Bor has been the flashpoint of the conflict, with the city changing hands between the government and opposition forces several times. Most of the civilian population has been displaced.Bor has been the flashpoint of the conflict, with the city changing hands between the government and opposition forces several times. Most of the civilian population has been displaced.Dominika Arseniuk, Polish Humanitarian Action / Flickr / Creative Commons

 

Scores of female church workers were massacred last month as they sought refuge at a church in the central South Sudanese town of Bor.

The women, several of whom were elderly, had fled rebel attacks to hide in the St. Andrew’s Episcopal Church compound, when rebels descended on them, raping several of them before shooting them at close range.

“The women were from different parishes in the diocese and had converged in the church compound when they were killed,” the Anglican Bishop of Bor, Ruben Akurdit Ngong, told World Watch Monitor by telephone from Bor. “This is very painful. They destroyed most of the churches in the diocese, but God is with us.”

Five of the women – Dorcas Abuol Bouny and Akut Mayem Yar, both 72, Tabitha Akuang, 60, and Mary Alek Akech and Martha Agok Mabior, both 70 – worked as pastors in the church. A prominent lay leader, Agel Mabior, 72, was also killed.

“They were all clergy. They all worked at the church. They did different jobs, [including] bible reading,” South Sudanese Anglican Archbishop Daniel Deng Bul told local reporters.

South Sudan has been in turmoil since Dec. 15, when a dispute within the army sparked fierce fighting in the capital city, Juba. Fighting spread quickly across the country and soon took on an ethnic dimension after President Salva Kiir alleged that his former vice-president, Riek Machar, was planning a coup. The fighting has pitted army forces loyal to President Kiir, who is a member of the Dinka tribe, against rebel forces aligned to Machar, a member of the Nuer tribe.

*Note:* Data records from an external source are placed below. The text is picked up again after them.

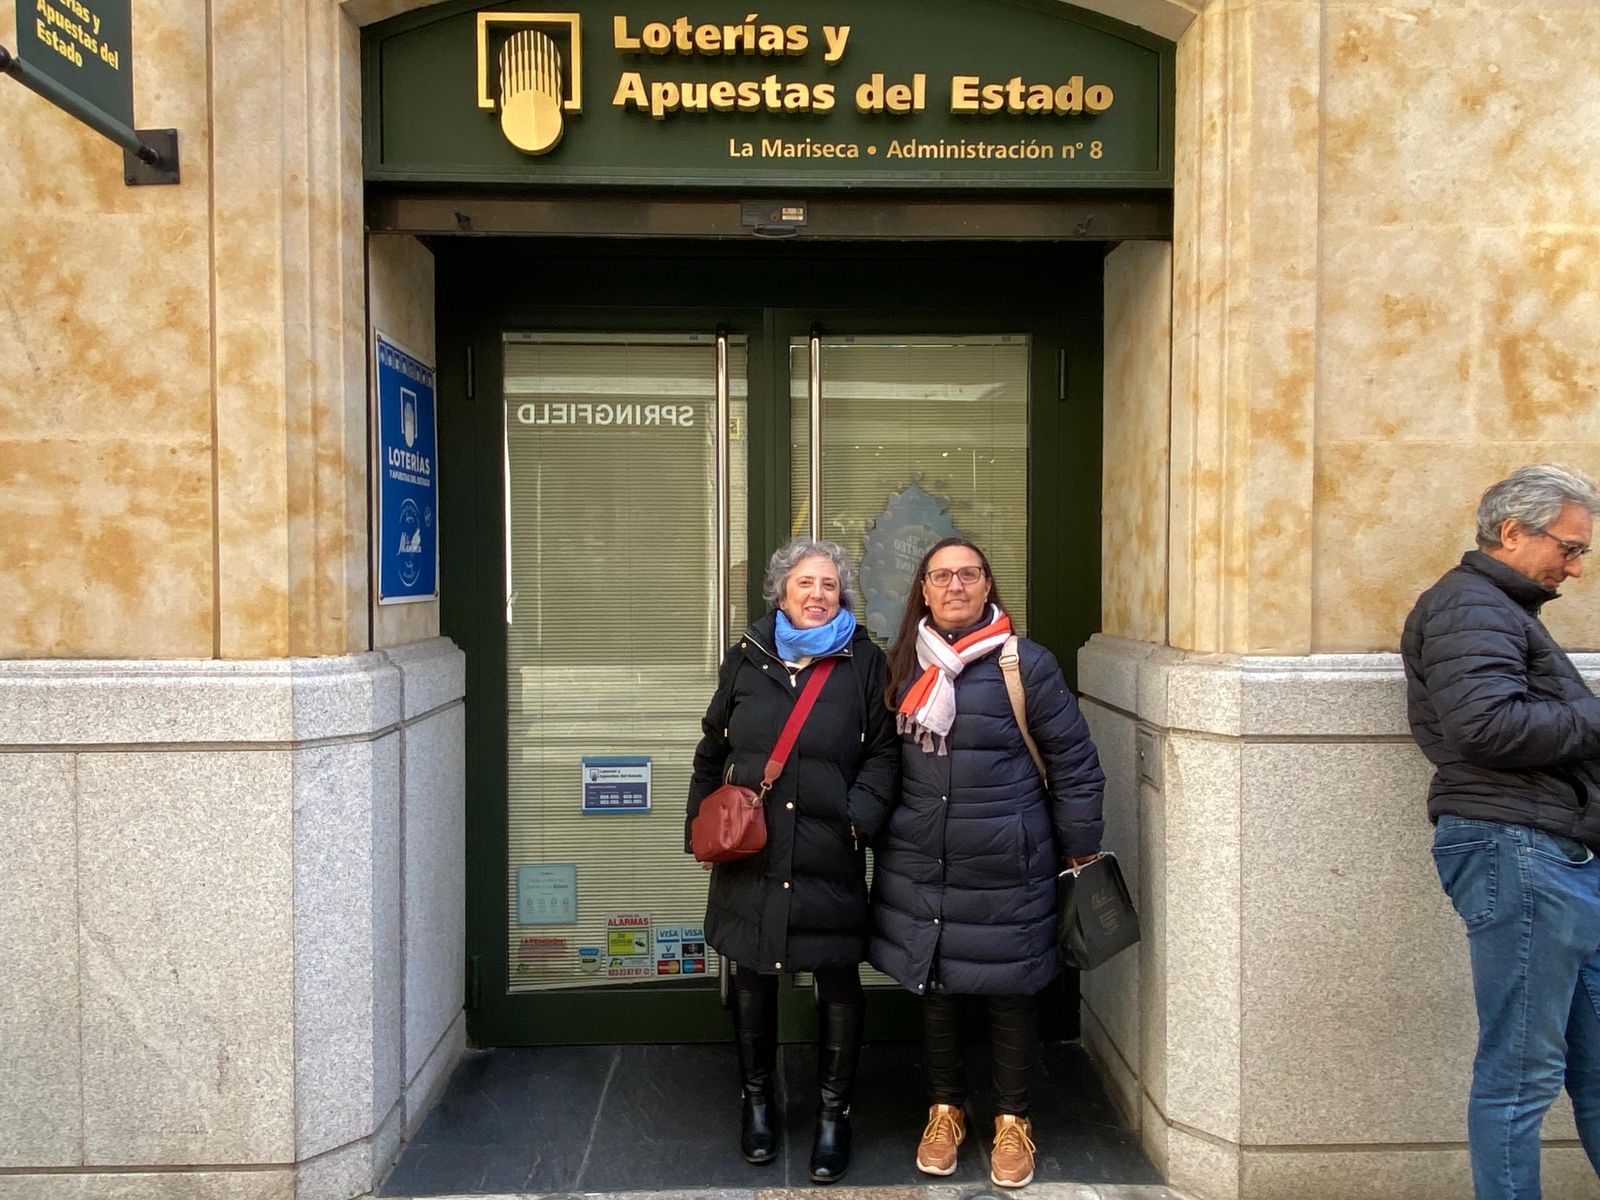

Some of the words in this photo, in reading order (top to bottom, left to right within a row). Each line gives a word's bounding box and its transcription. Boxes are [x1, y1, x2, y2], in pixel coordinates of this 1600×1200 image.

[37, 0, 97, 54] Apuestas
[100, 42, 118, 70] del
[93, 14, 100, 35] y
[613, 13, 809, 54] Loterías
[822, 26, 850, 63] y
[37, 18, 82, 67] Estado
[612, 72, 835, 118] Apuestas
[855, 73, 926, 113] del
[950, 76, 1114, 114] Estado
[729, 139, 754, 157] La
[761, 138, 859, 158] Mariseca
[886, 138, 1053, 159] Administración
[1089, 141, 1103, 159] 8
[388, 446, 430, 475] LOTERÍAS
[608, 918, 649, 926] ALARMAS
[660, 929, 678, 938] VISA
[684, 929, 703, 937] VISA
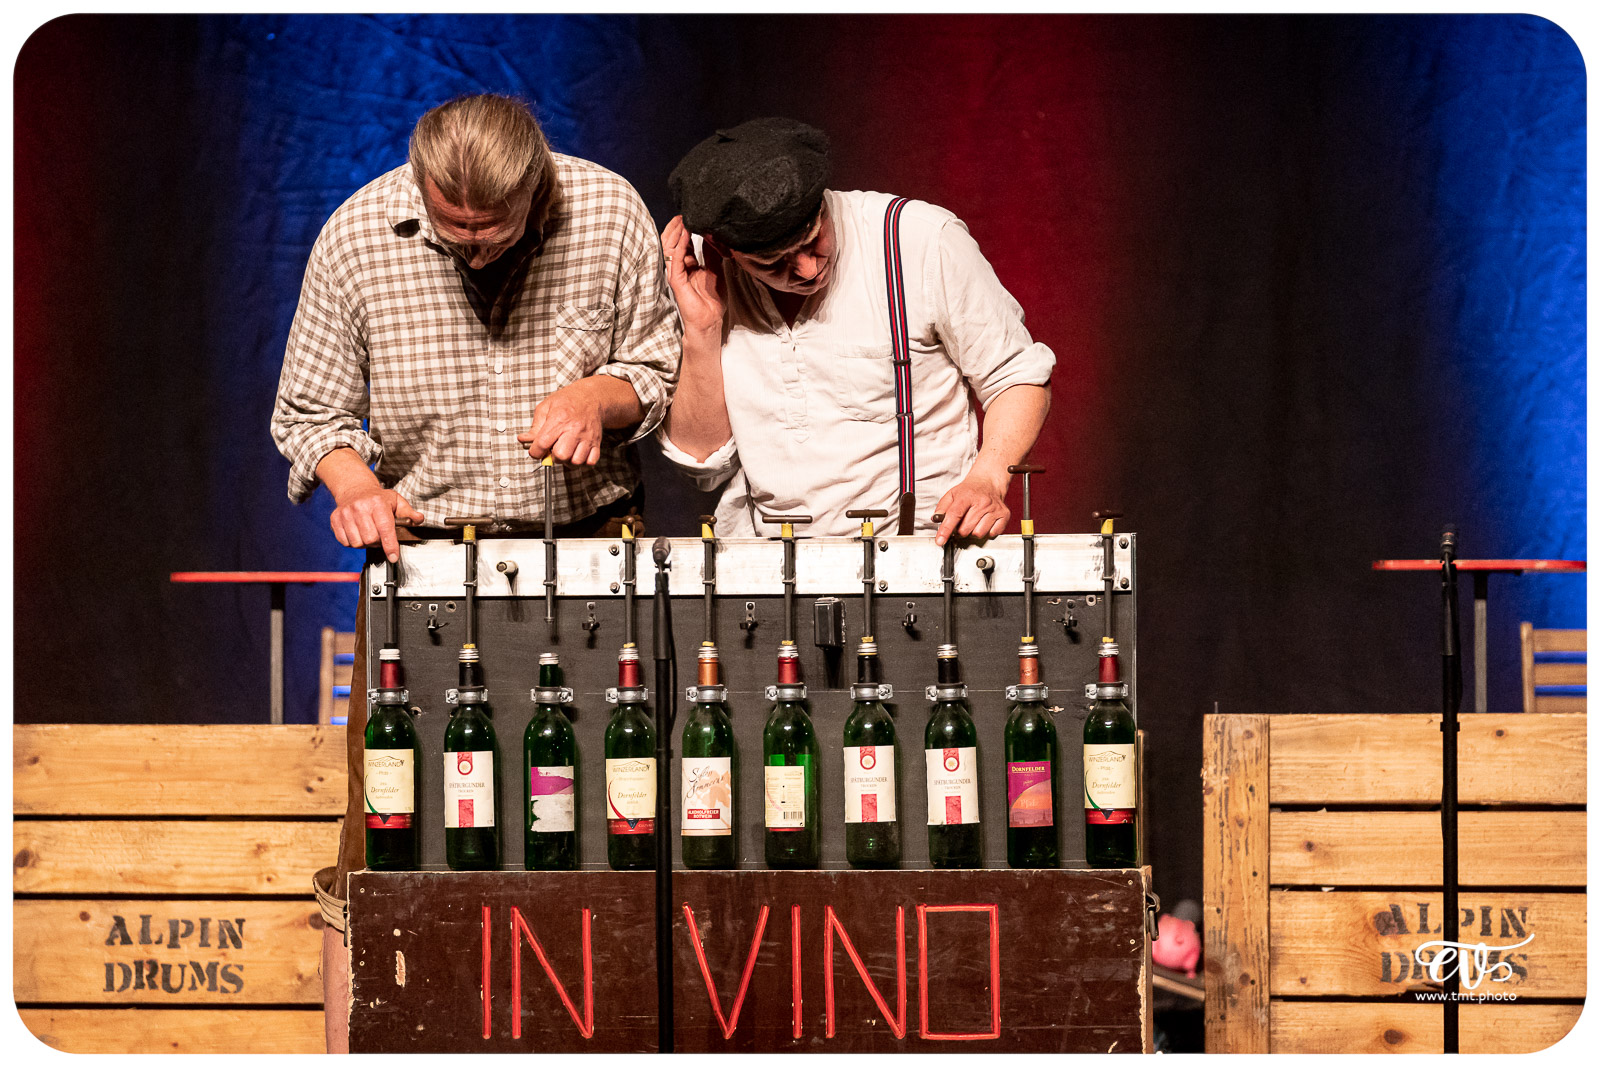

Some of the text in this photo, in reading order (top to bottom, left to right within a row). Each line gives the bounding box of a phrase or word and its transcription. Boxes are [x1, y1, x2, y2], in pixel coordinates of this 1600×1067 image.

[370, 786, 399, 796] Dornfelder
[617, 791, 647, 800] Dornfelder
[1091, 781, 1121, 791] Dornfelder
[105, 914, 246, 949] ALPIN
[103, 959, 244, 994] DRUMS
[482, 902, 1000, 1040] IN VINO
[1380, 950, 1529, 985] DRMS

The Dinka tribe is the largest in South Sudan; the Nuer is the second largest and boasts a deadly tribal militia known as the “White Army” because its fighters rub white ash, extracted from burnt cow dung, over their bodies. The White Army’s main role in the community historically has been to raid cattle and protect the community, but recently it has transformed into a militia used for political gain.

The White Army is suspected to have carried out the massacre of the women and more than 2,500 others in Bor, a largely Dinka town.

“I believe the White Army attacked and killed the women hiding in the church compound. It is very disturbing to know they were abused before being killed,” Rev. Mark Akec-Cien, deputy general secretary of the South Sudan Council of Churches, told World Watch Monitor by telephone. “I don’t think they were killed because they are Christians. The militia had also attacked, looted and destroyed shops, businesses, homes and other churches.”

“This is very painful. They destroyed most of the churches in the diocese, but God is with us.”

–Ruben Akurdit Ngong, Bishop of Bor

Since the conflict erupted, several churches have been attacked and looted, and pastors harassed, according to Akec-Cien. In Malakal, in the north of the country, the St. Francis Catholic Church compound was attacked and looted in mid-January, and the priest robbed. The local Anglican and Evangelical churches were also looted.

The most affected areas are the north-eastern states of Jonglei, Unity and Upper Nile. Bor, the headquarters of Jonglei State, was totally destroyed, with houses, food stores, shops, banks and churches burnt down and looted, according to the Episcopal Church of Sudan.

The United Nations said on Feb. 5 that up to 7 million people, nearly two thirds of the country’s population, were at risk of some level of food insecurity, with 3.7 million facing emergency or acute levels. About 900,000 people have fled their homes since December.

Although the conflict is largely viewed in ethic terms, church leaders have called for peace and reconciliation, and stressed that the roots of the crisis are political. Both the army and rebel forces have been accused of abuses.